TranscriptomicsQC
The Transcriptomics QC application is utilised to inspect bulk and plate RNA-Seq QC statistics. Samples can be selected with the help of the Sample selector panel, located on the left side of the interface.
Generate QC Report

The “Generate QC Report” option allows users to generate standardized QC reports based on the selected metadata. These reports provide a structured overview of quality control metrics and are stored directly within the “Data Overview app” for easy access and review. Currently, the reports can only be generated for bulk RNA-Seq data. Users can use the following options to generate their QC report:

Steps to generate a report
- Metadata Selection
- X Variable: - Choose a metadata column from the dropdown to be used on the x-axis of plots in the report. - Example: Study, SampleID, Protocol → this defines how samples are grouped in the report.
- Color Variable: - Choose a metadata column to color-code the samples in the plots. - Example: Species, Age, Sex → this helps to visually separate categories.
- Optional Report Information
- Evotec Number (optional): - Allows entry of an internal project or reference number. - Useful for tracking and documentation across teams.
- Report File Name (optional) - Enter a custom name for the report file. - If left empty, a default name will be assigned automatically.
- Create Report:
- After entering the data in the options above, click on the Create Report button. It will provide the generated QC report.
Threshold Manager

The Threshold Manager allows users to set and adjust thresholds for all QC parameters included in an analysis (details, see below). These thresholds helps to quickly evaluate data quality by applying color-coded indicators across the application.

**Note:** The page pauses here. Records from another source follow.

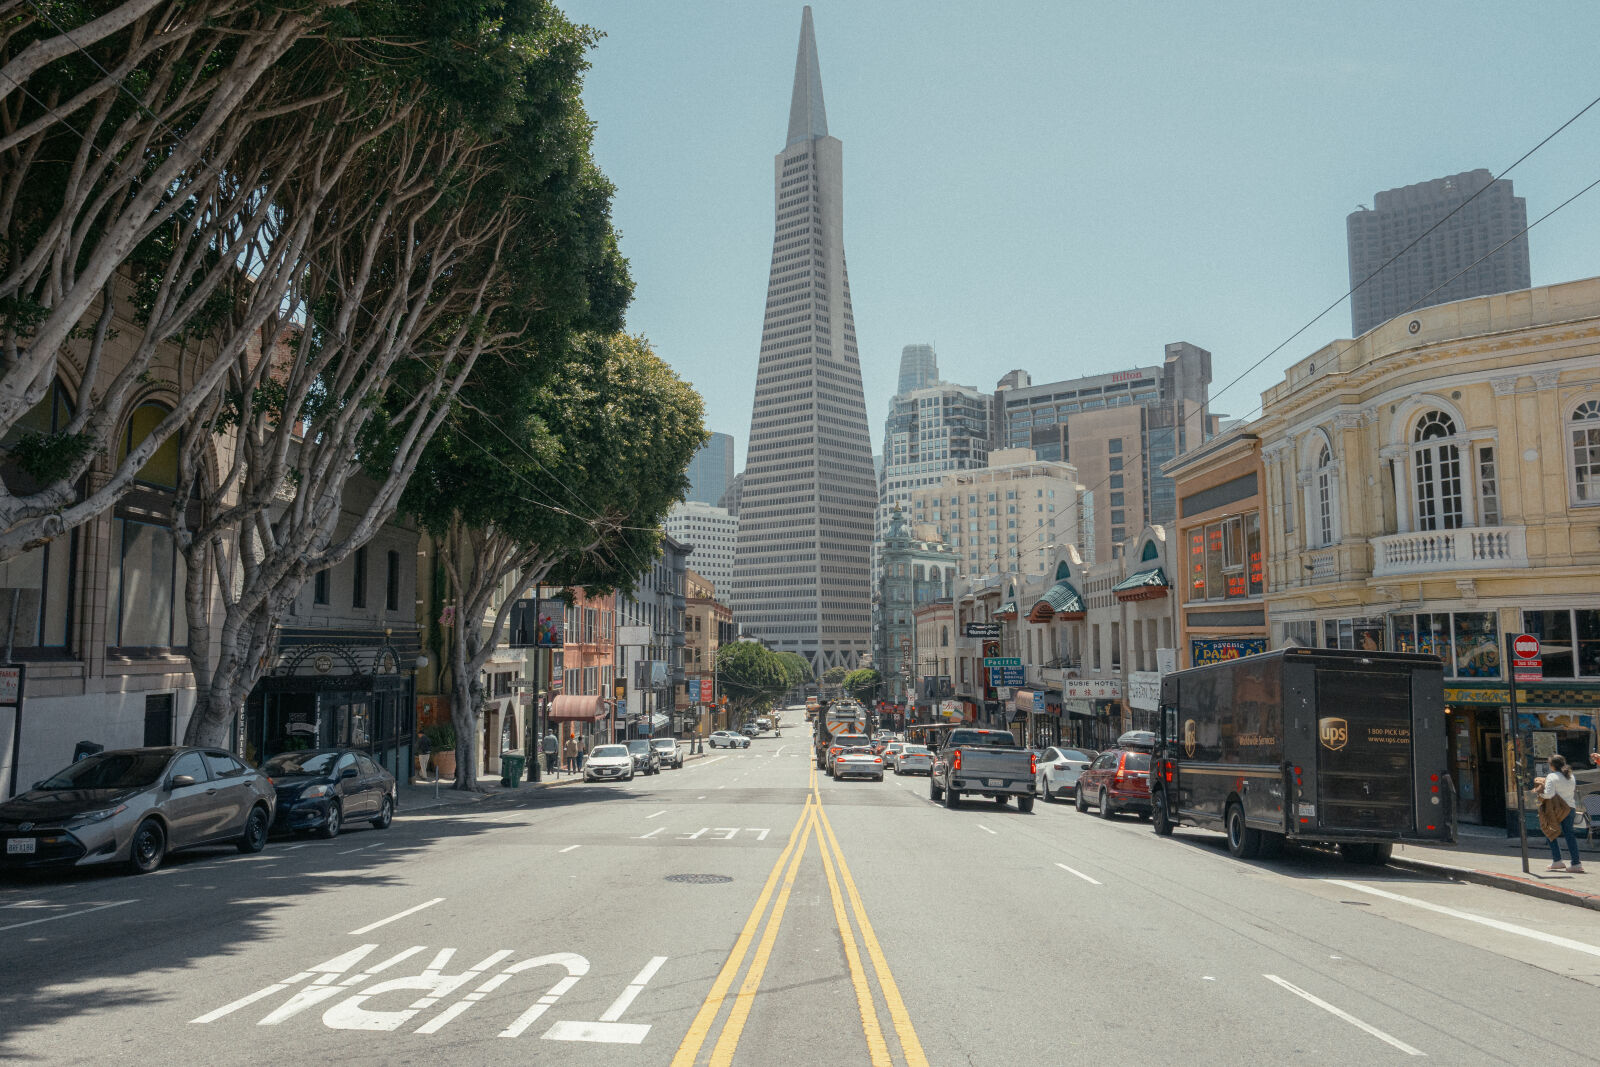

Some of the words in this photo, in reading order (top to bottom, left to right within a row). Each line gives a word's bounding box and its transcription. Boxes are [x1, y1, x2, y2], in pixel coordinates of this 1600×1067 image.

[1112, 371, 1142, 383] Hilton
[1203, 649, 1239, 659] PALM
[1322, 727, 1346, 745] ups
[1368, 736, 1410, 744] www.ups.com
[631, 827, 771, 841] LEFT
[188, 943, 668, 1044] TURN

Selecting a parameter in the Threshold Manager automatically includes it in visualizations and general QC indicators. Thresholds can be customized for all parameters, even those not in the current study but included in a loaded template. Changes are reflected across all relevant QC plots after applying.
Parameters are grouped by their QC step (e.g., Sequencing, Alignment, etc). These can be expanded or collapsed for better focus.
- Flexible Threshold Settings: * Add, remove, or modify thresholds for any parameter by clicking on the “pen” button. * Switch between one-sided, two-sided, or more complex thresholds with multiple color ranges. * Set up to 10 threshold points (maximum 11 color segments). * Select “Apply” to apply the changes.

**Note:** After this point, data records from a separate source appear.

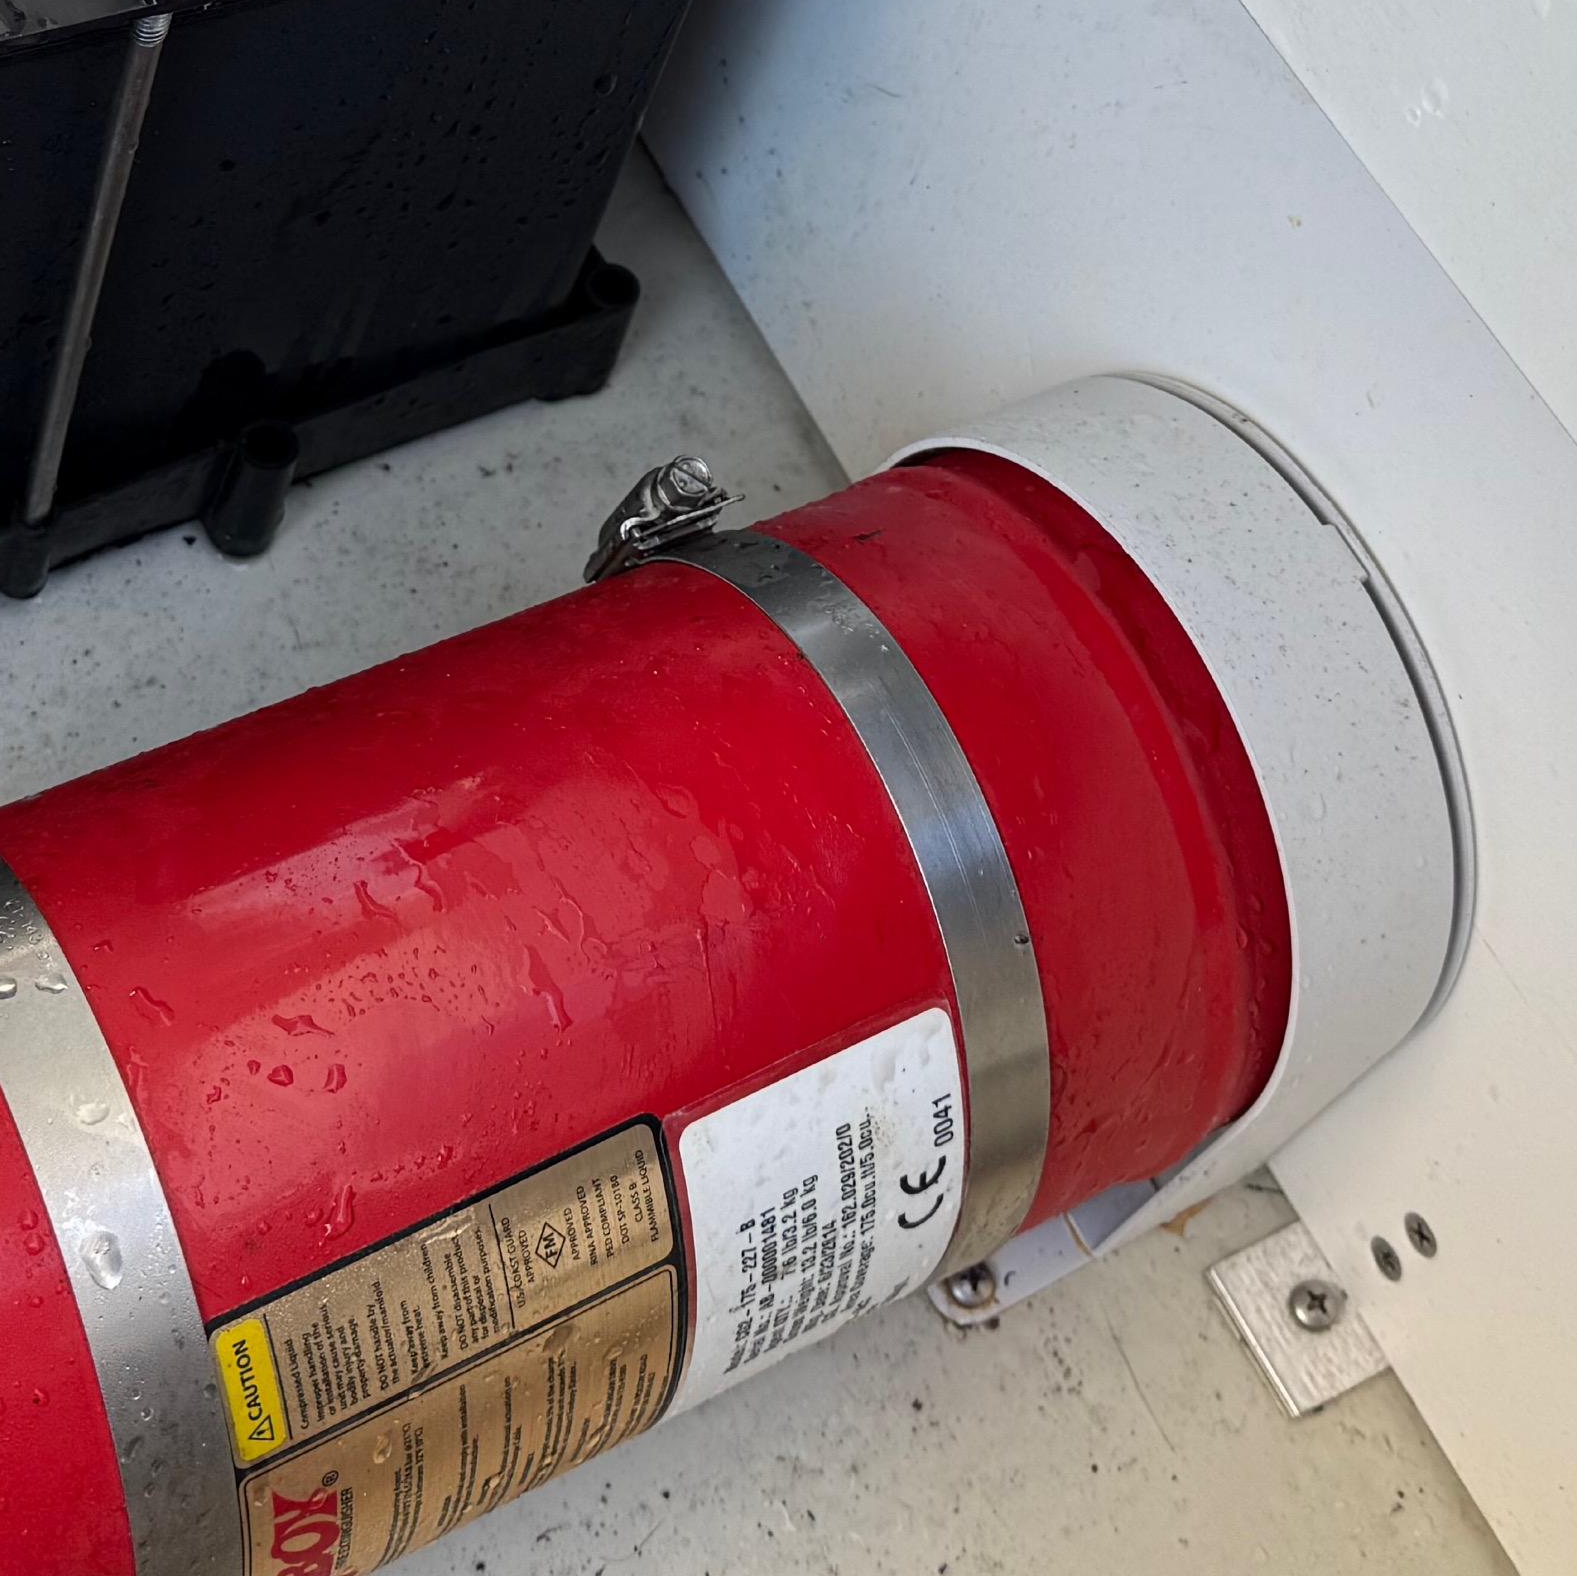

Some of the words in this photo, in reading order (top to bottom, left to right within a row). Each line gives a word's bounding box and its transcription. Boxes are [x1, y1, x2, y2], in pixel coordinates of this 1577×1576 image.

[932, 1091, 953, 1148] 0041
[634, 1147, 649, 1185] LIQUID
[801, 1173, 817, 1196] kg
[575, 1183, 593, 1240] APPROVED
[591, 1175, 610, 1237] COMPLIANT
[630, 1189, 643, 1223] CLASS
[781, 1186, 797, 1209] kg
[501, 1215, 516, 1254] GUARD
[563, 1205, 580, 1262] APPROVED
[618, 1221, 629, 1244] DOT
[801, 1196, 817, 1242] lb/6.0
[518, 1228, 535, 1284] APPROVED
[541, 1231, 557, 1260] FM
[603, 1235, 614, 1258] PED
[508, 1254, 522, 1289] COAST
[284, 1336, 299, 1372] Liquid
[231, 1338, 263, 1423] CAUTION
[290, 1370, 310, 1430] Compressed

- Template Management: * “Load” existing templates (from your own work or shared by others). * You can delete the loaded template with the “bin” button near the load option. * Update and overwrite your templates using the “Save” button. * Use the “Save As” button for saving your template as new. Set a name for your template under the “Preset name” field. You can click on the tick box near “Publish to Project” to save this template to your project and make it accessible to the other users.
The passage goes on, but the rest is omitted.